Steine gehören zu den ältesten festen Materialien, die auf der Erde existieren, und sind grundlegender Bestandteil natürlicher, aber auch anthropogen geprägter Landschaften. Heute wird Stein häufig mit Alter, Dauerhaftigkeit, Stabilität und Beständigkeit, mitunter auch Reichtum, Zivilisation und Urbanität assoziiert. Anhand der im Rahmen des Akademielangfristvorhabens „Disiecta Membra“ untersuchten römischen Steinarchitektur wollen wir mit Ansätzen des Neuen Materialismus diese Bedeutungszuschreibungen hinterfragen und zeigen, dass römische Steinarchitektur längst nicht so unveränderbar ist, wie oft angenommen. Vielmehr ist es für die Erforschung und Edition auch sogenannter disiecta membra – verstreuter Bauglieder – von zentralem Interesse, sie nicht als stabile und statische Entitäten, sondern als beständig in Transformation befindlich. Hierfür betrachten wir römische Steinarchitektur in seinen relationalen Bestimmtheiten – dem Auswas, dem Alter, der Größe, dem Gewicht, der Form und Oberflächenfarbe – und in ihren Affordanzen für in der Neuzeit mit dieser konfrontierten Akteuren. Diese existieren nicht unabhängig, sondern sind immer an Wahrnehmungshandeln geknüpft, und bieten Möglichkeiten, unterschiedliche Intra-Aktionen zu untersuchen und Ding-Geschichten als Transformationen von Assemblagen zu erzählen. Neben der Frage, was Stein an Aktionen evoziert, soll auch das Verhältnis zu römischer Steinarchitektur und ihren Baugliedern – Weiternutzung, Aneignung, Zerstörung, (Re-)Konstruktion und Wiederaufbau – beleuchtet werden.

12:30–14:00Lunch

Session: More-than-humans • Chair: Stefan Schreiber

14:00–14:30 • Lukas Kerk • Unkörperliche Körper – Ein postanthropozentrischer Blick auf die Archäologie materiell-diskursiver Erzeugungsknoten

Mit seiner posthumanistischen und postanthropozentrischen Ausrichtung sowie einer Betonung von performativen, flachen und relationalen Ontologien wirft der Neue Materialismus die grundsätzliche Frage auf, inwiefern (post-)moderne Konzeptualisierungen menschlicher Körper insbesondere im archäologischen Zusammenhang noch Bestand haben können. Das Überschreiten von Dualismen und der transversale Charakter neo-materialistischer Denkweisen bietet dabei die Möglichkeit, neue Perspektiven auf die Körper der Vergangenheit zu eröffnen und eine Vielzahl von Fragen zu formulieren: Welche transkorporalen Verflechtungen lassen sich archäologisch nachweisen? Wie wirken das Diskursive und das Materielle bei der Hervorbringung von Körpern zusammen? Welche multiplen Realitäten entstehen durch das Zusammenspiel von Körpern und anderen Dingen im Werden? Welche Praktiken der Grenzziehung sind bei der Assemblage menschlicher, nicht-menschlicher und mehr-als-menschlicher Körper zu beobachten? Insbesondere die archäologisch nachgewiesene dauerhafte Veränderung des Körpers in Form von Tätowierungen, geformten Schädeln, modifizierten Zähnen und weiteren liefert erkenntnisreiche Anhaltspunkte für die Anwendung von Prinzipien des Neuen Materialismus. Im Rahmen des Vortrags sollen am Beispiel archäologisch evidenter permanenter Körpermodifikationen in explorativer Weise Möglichkeiten einer Neubetrachtung menschlicher Körper vor dem Hintergrund neo-materialistischer Sichtweisen dargelegt werden.

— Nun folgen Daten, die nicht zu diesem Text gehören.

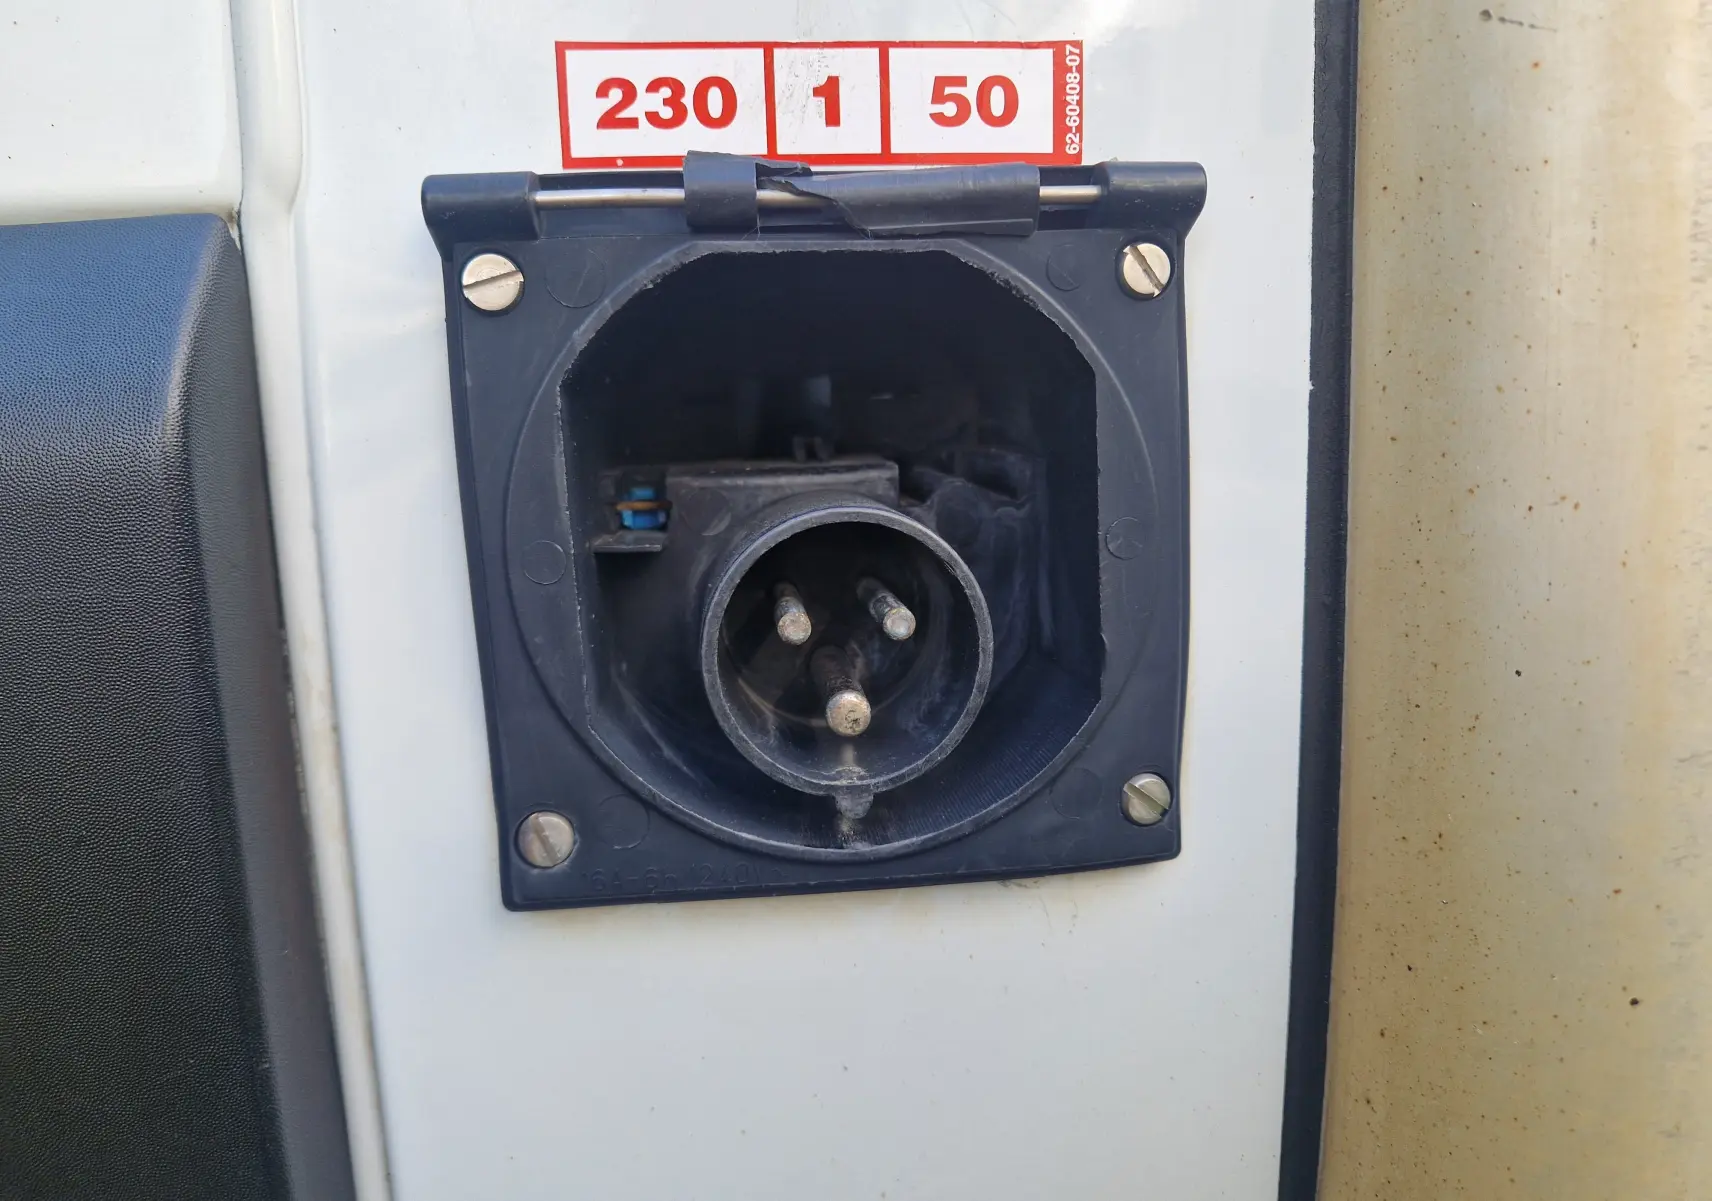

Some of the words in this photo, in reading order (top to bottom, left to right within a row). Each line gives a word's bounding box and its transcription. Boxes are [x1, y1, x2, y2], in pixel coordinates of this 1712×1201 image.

[595, 76, 738, 129] 230
[812, 75, 841, 127] 1
[929, 75, 1019, 127] 50
[1065, 43, 1081, 156] 62-60408-07
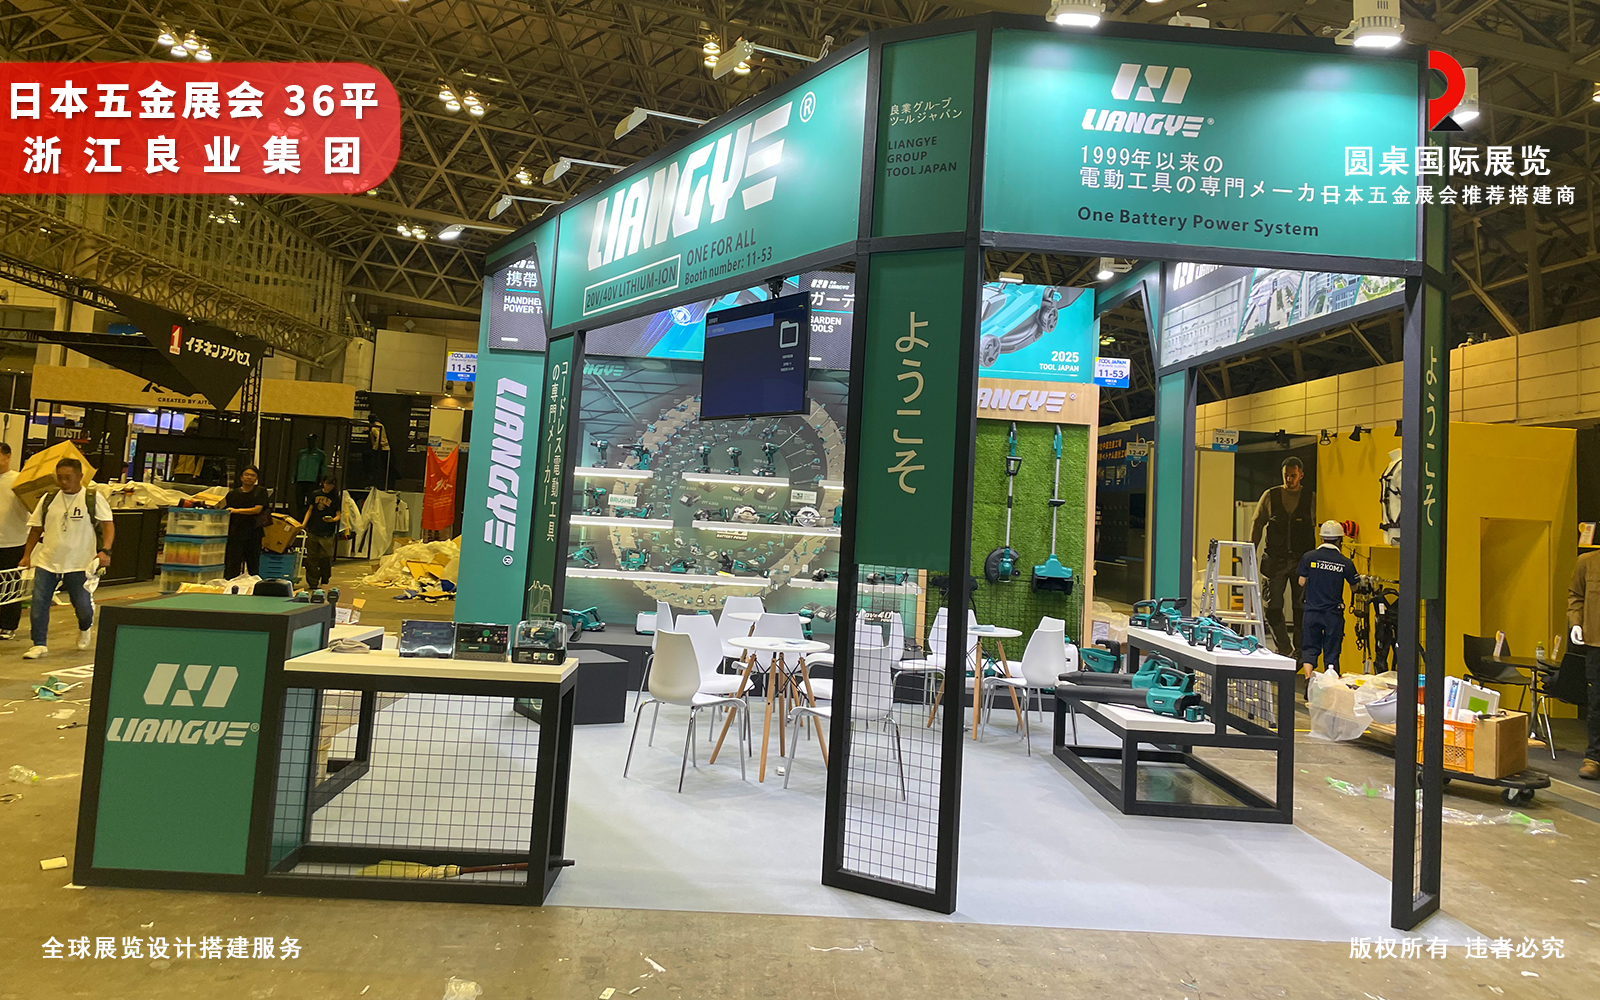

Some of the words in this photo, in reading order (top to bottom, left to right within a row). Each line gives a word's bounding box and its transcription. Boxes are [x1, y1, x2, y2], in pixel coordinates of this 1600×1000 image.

[889, 108, 963, 127] ツールジャパン
[1081, 108, 1205, 138] LIANGYE
[886, 151, 928, 164] GROUP
[888, 136, 938, 150] LIANGYE
[886, 166, 916, 177] TOOL
[918, 161, 958, 175] JAPAN
[1081, 145, 1224, 174] 1999年以来の
[588, 101, 793, 271] LIANGYE
[1077, 206, 1114, 222] One
[1119, 209, 1188, 231] Battery
[1193, 214, 1249, 232] Power
[1253, 219, 1319, 237] System
[686, 248, 708, 267] ONE
[710, 237, 733, 259] FOR
[734, 227, 757, 251] ALL
[684, 269, 708, 286] Booth
[708, 257, 745, 281] number:
[746, 246, 773, 268] 11-53
[586, 285, 618, 308] 20V/40V
[618, 264, 677, 299] LITHIUM-ION
[503, 303, 534, 313] POWER
[185, 337, 251, 367] イチネンアクセス
[1051, 350, 1080, 363] 2025
[451, 363, 476, 373] 11-51
[1039, 363, 1056, 371] TOOL
[1099, 369, 1124, 378] 11-53
[887, 311, 930, 495] ようこそ
[977, 387, 1067, 413] ANGYE
[543, 364, 560, 506] の専門メーカー
[1215, 436, 1234, 445] 12-51
[1423, 346, 1438, 527] ようこそ
[484, 377, 528, 552] LIANGYE
[106, 717, 250, 747] LIANGYE

14:30–15:00 • Uroš Matić • Eyes, Reed and the Distant Goddess: Ancient Egyptian Faience Kohl Tubes as Intraactive Objects

Ancient Egyptian black eye paint (msdm.t), widely referred to as kohl (from Arabic al-kuḥl), did not serve only a cosmetic function; it was also used as a remedy for eye diseases. Around 1550 BCE, tubes for storing small quantities of kohl were made from reed, wood, ivory, and, more popularly, faience. These tubes were often inscribed with private and royal names and titles and were found in royal and elite private burials, as well as in houses. The size, shape, and decoration of the faience tubes mimicked those of reed tubes. Drawing on New Materialist thinking, I propose that the choice of reed for the original concept and faience for imitations was not accidental—it entangled matter and meaning. In a well-known and celebrated myth, the returning Sun Eye goddess descends from the mountain and emerges from the reed of the marshes of the Nile Valley. She is transformed from enraged (red) to pacified (green), much like an eye treated with kohl. Thus, kohl tubes could have been a type of intraactive objects, ensuring that the effectiveness of kohl emerged from its relationship with the shape, decoration, material, and color of the tubes.

15:00–15:30 • Coffee Break

15:30–16:00 • Shumon T. Hussain • Zoomateriality

Multispecies archaeology is a maturing strand of research, dedicated largely to the complex entanglements of humans and nonhumans diagnosed to be irreducible to mere economic, adaptive, and/or caloric imperatives and ventures. Yet I argue that animal-oriented multispecies archaeologies – or “animal archaeologies” – at present lack proper attention to, or at least a coherent formulation of, the kinds of materialities they belabor. What is required is thus a productive notion of “zoomateriality”, allowing for the problem-oriented analysis of the affordances and potentialities of action and thought relational engagements with animal bodies, body-parts, and ecosystem agencies bring into focus. Clarification of the various dimensions and possibly kinds, perhaps even types, of zoomateriality therefore promises to elucidate what the claim that other animals are active participants of human history may entail (and what not). I explore some of these ideas in relation to Palaeolithic osseous technology and visual art, showcasing that taking more serious notice of the genealogical diversity of the material as well as the distinct materiality of variegated sentient subjects can open up novel empirical, conceptual, and interpretive avenues for archaeological inquiry.

16:00–16:30 • Raphael Berger • Beyond the Critique: Reconstructing the Human in Prehistoric Archaeology from a Posthuman Perspective

Post-humanist thought has de-centred the human and shifted the focus to material things. Actor-Network Theory (ANT), a post-humanist framework, treats all entities – humans and objects alike – as actors within networks. In contrast, the modern understanding of the human emphasizes autonomy and individuality, where humans are seen as free, self-contained ‘individuals’. Archaeologists, however, excavate human remains in the form of skeletons, which are actually ‘dividuals’ made up of 206 parts. Despite these differences, both contemporary and archaeological humans are labelled with the same term, ‘human’, implying equivalence. This paper adopts a post-human perspective, shifting the focus back to ‘humans’, looking at them differently and showing the significant differences between ‘contemporary humans’ and ‘archaeological humans’. In the second, more experimental part, the paper explores how we can deal with ‘humans’ in prehistoric archaeology using Actor-Network Theory.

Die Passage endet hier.